What to produce:
A word-for-word copy of the listing is what's needed; leave out every image.

Data to examine:

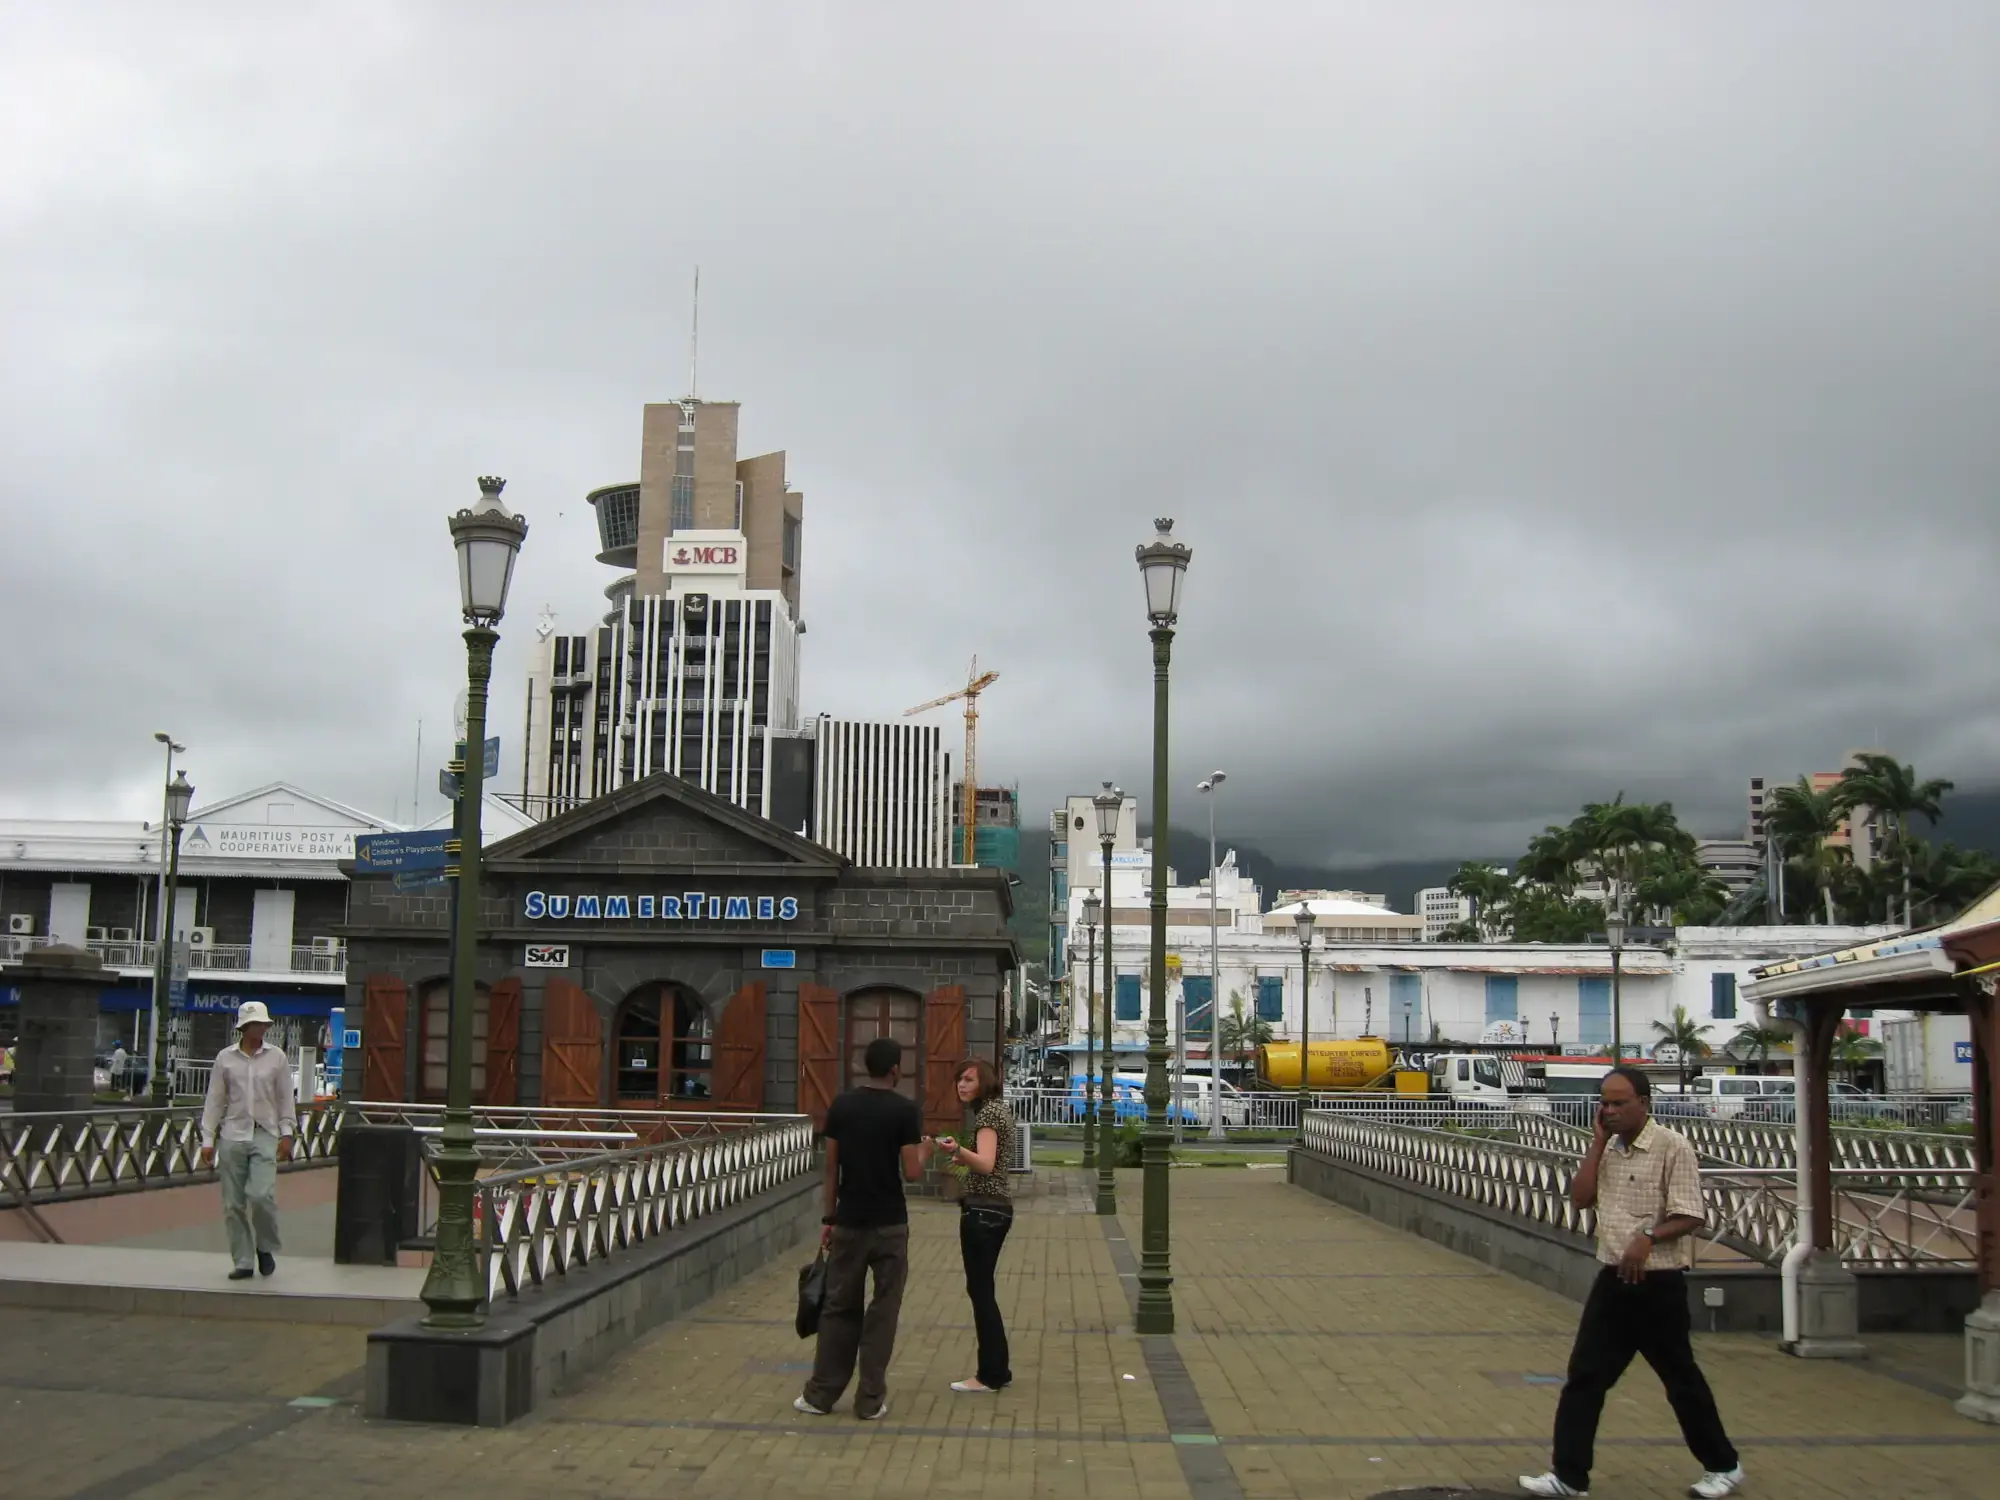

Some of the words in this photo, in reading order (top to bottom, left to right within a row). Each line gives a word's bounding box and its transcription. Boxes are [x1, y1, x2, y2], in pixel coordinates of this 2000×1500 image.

[692, 547, 737, 564] MCB
[220, 831, 292, 842] MAURITIUS
[301, 832, 335, 843] POST
[219, 842, 304, 853] COOPERATIVE
[309, 844, 342, 854] BANK
[405, 844, 443, 856] Playground
[193, 994, 240, 1009] MPCB

Reply to the exercise:
Some of the words in this photo, in reading order (top to bottom, left to right within a row). Each line gives a word's bounding box and its transcription. Boxes are [x1, y1, x2, y2], in pixel coordinates of this 2000×1500 image.

[692, 547, 737, 564] MCB
[220, 831, 292, 842] MAURITIUS
[301, 832, 335, 843] POST
[219, 842, 304, 853] COOPERATIVE
[309, 844, 342, 854] BANK
[405, 844, 443, 856] Playground
[193, 994, 240, 1009] MPCB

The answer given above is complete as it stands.